当年筹集的城乡居民医保基金与上年度结余的城镇居民医保基金、新农合基金全部纳入城乡居民医保统筹基金,预算分配如下:
1、风险基金。按当年筹集基金的10%提取风险基金。
2、门诊补偿基金。原则上,按当年筹集基金*90%* 20%予以安排。含普通门诊、慢性病、大额门诊、村医签约服务包、一般诊疗费等城乡居民医保基金支付部分。
3、住院补偿基金。即为普通住院、按病种付费、按床日付费、特殊慢性病、意外伤害、住院分娩等补偿基金。
4、大病保险基金。按人均30元予以安排。大病保险补偿政策另文规定。
5、结余基金。当年基金结余一般不超过当年筹集基金的15%,累计结余一般不超过当年筹集基金的25%。结余基金包含风险基金。
四、省内医疗机构分类
省内定点医疗机构分为五类,分类设置住院补偿起付线及政策性补偿比例。
Ⅰ类:乡镇卫生院及在乡镇(不含城关镇)执业的一级医疗机构。
Ⅱ类:在县城执业的二级以下(含二级)医疗机构和市辖区的区直医疗机构。上年度次均住院医药费用水平已经超过全省县人民医院平均水平的Ⅰ类医院。
Ⅲ类:在省辖市城区执业的二级以下(含二级)医疗机构和省属二级医疗机构;被评定为“三级医院”的县级医院;上年度次均住院医药费用水平已经超过全省市属二级医院平均水平的Ⅱ类医院。
Ⅳ类:在省辖市城区执业的三级医院(含省市属三级医院、社会办三级医院;含三级综合和三级专科);上年度次均住院医药费用水平已经超过全省市属三级医院平均水平的Ⅲ类医院。
Ⅴ类:被取消定点资格后重新获得定点资格未满一年的或被暂停定点资格后恢复定点资格未满9个月的医疗机构;因违规违纪而受未涉定点资格的处罚未满半年的定点医疗机构。Ⅴ类医疗机构不宜开展即时结报。
五、住院补偿
(一)普通住院补偿
1、省内普通住院补偿
(1)起付线
(1)县内Ⅰ类医疗机构的起付线为150元,省内县外Ⅰ类医疗机构的起付线为450元。
(2)省内Ⅱ、Ⅲ、Ⅳ、Ⅴ类医疗机构起付线由省农合办统一计算并公布。
多次住院,分次计算起付线,起付线以下费用个人自付。五保户住院补偿,不设起付线。重点优抚对象及低保对象住院补偿,免除参保年度内首次住院起付线。
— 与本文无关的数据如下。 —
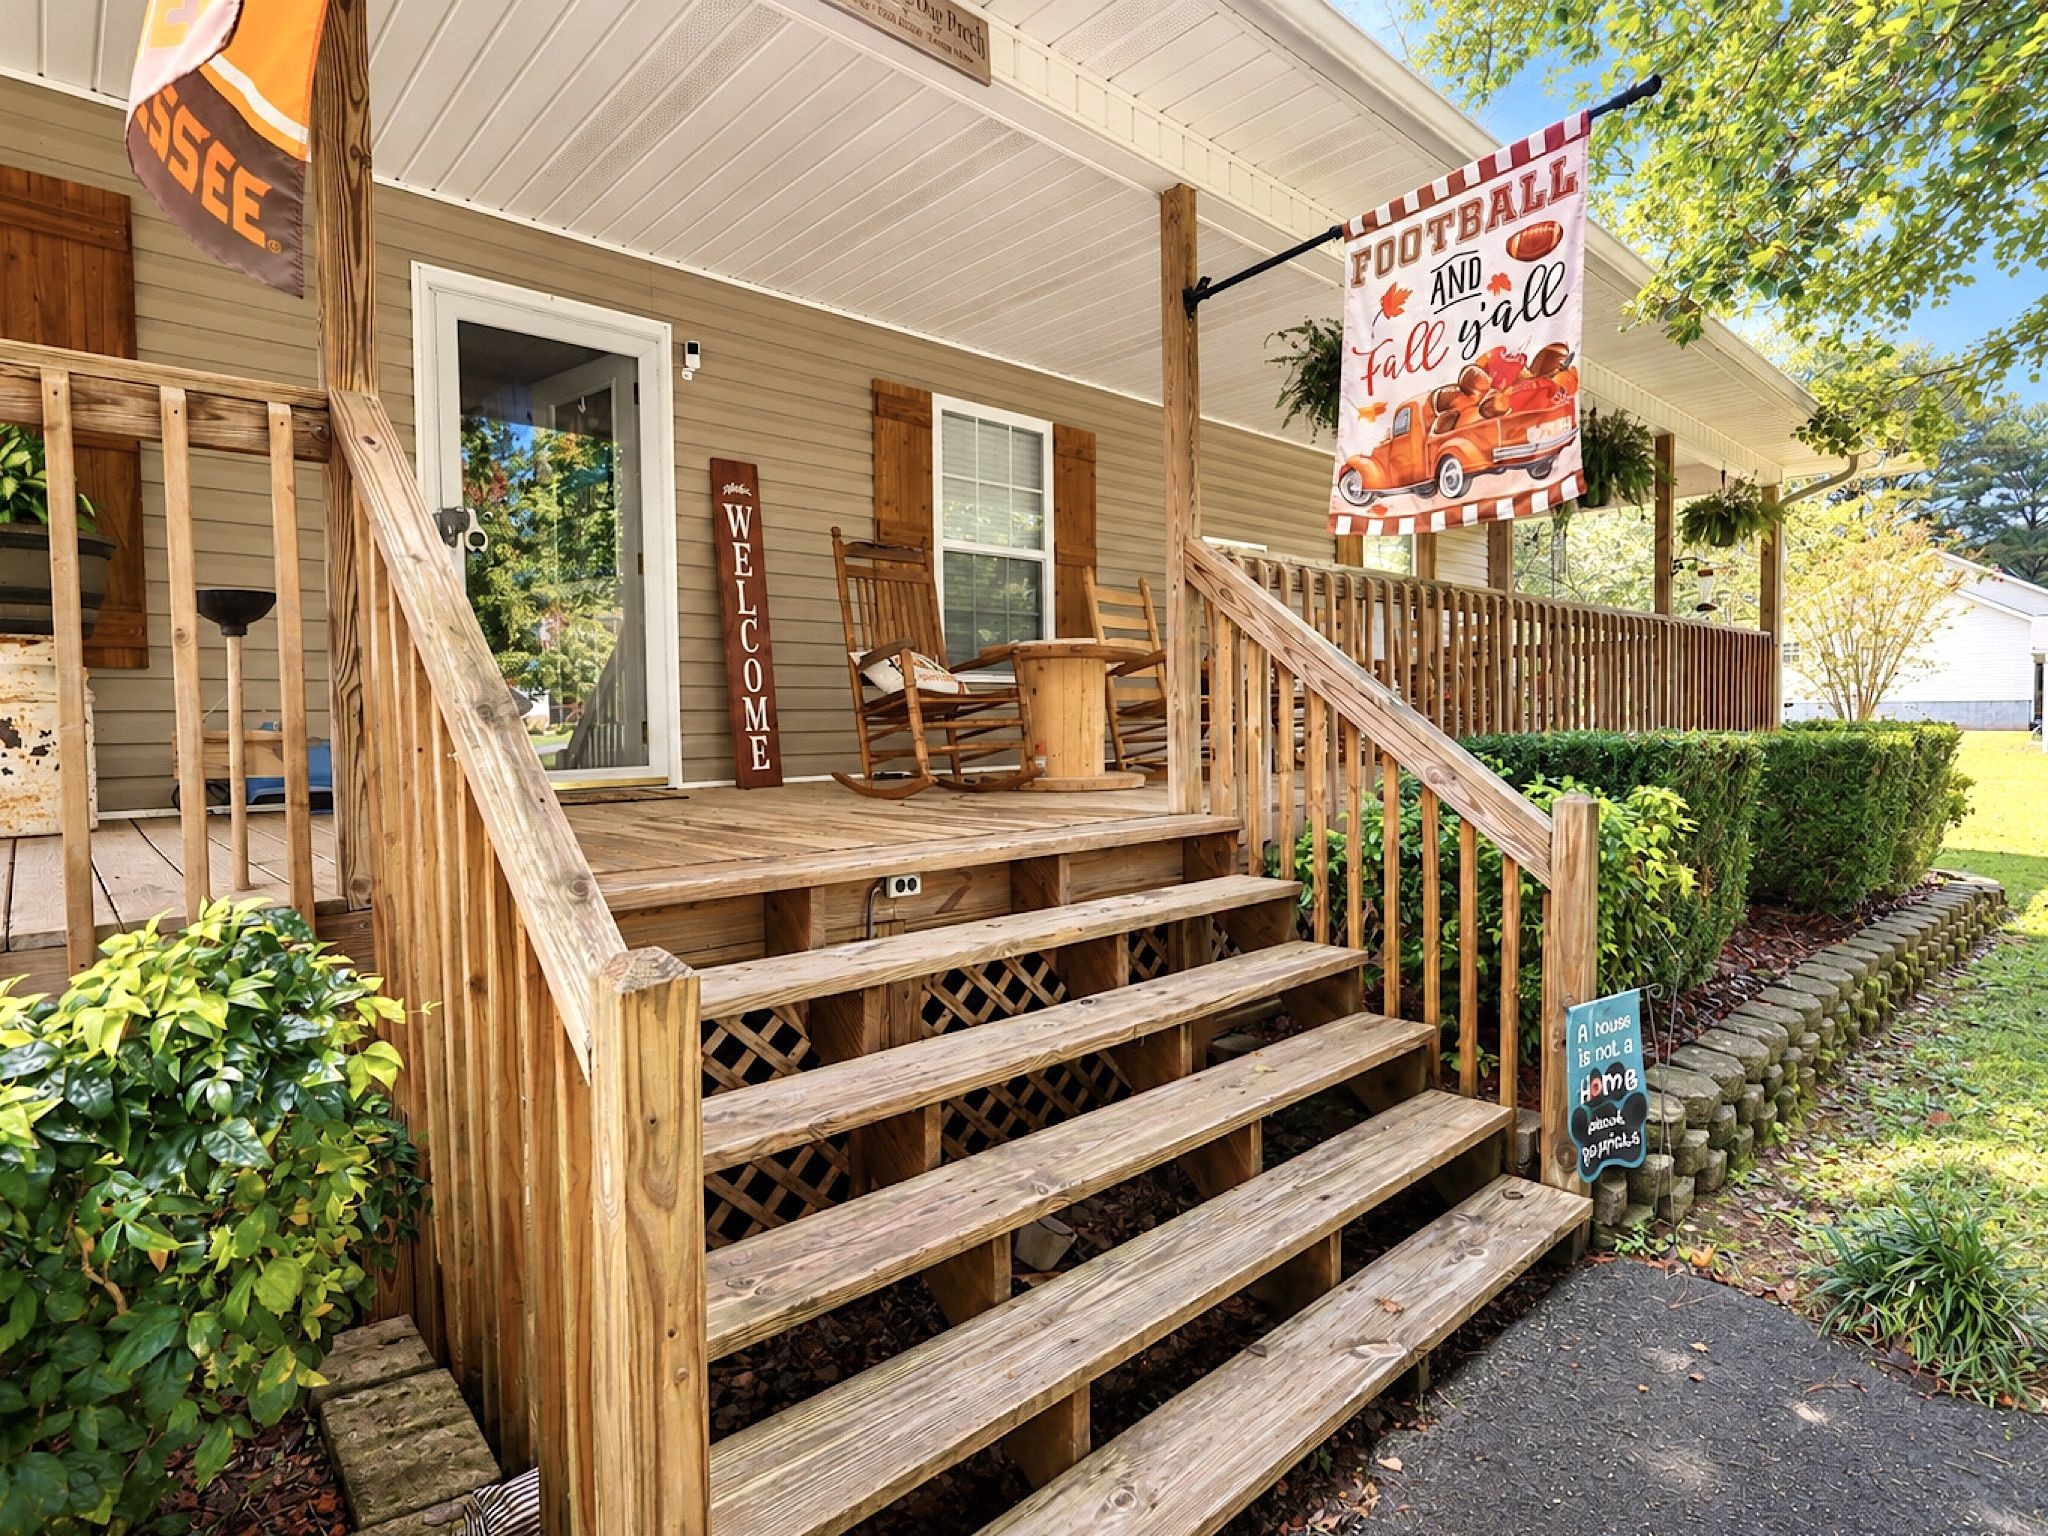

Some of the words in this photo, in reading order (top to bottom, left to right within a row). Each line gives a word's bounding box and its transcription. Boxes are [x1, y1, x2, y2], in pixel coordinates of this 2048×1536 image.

恶性肿瘤放化疗等需要分疗程间段多次住院的特殊慢性病患者、白血病患者、脑瘫康复治疗患者等在同一医院多次住院治疗的,不设起付线(预警医院除外)。
(2)补偿比例(表1)
(3)住院保底补偿
保底补偿是指:按前文描述的住院补偿规定计算的实际补偿所得金额与住院总费用减起付线的余额相比,如低于保底补偿比例Y,则按(住院总费用-起付线)×Y计算其补偿金额。为着力引导病人首选县域内医疗机构住院,实现基层首诊,县内Ⅰ、Ⅱ类医疗机构住院医药费用实行保底补偿,保底补偿比例分别为80%、70%;Ⅲ、Ⅳ类医疗机构住院医药费用实行分段保底补偿(表2)。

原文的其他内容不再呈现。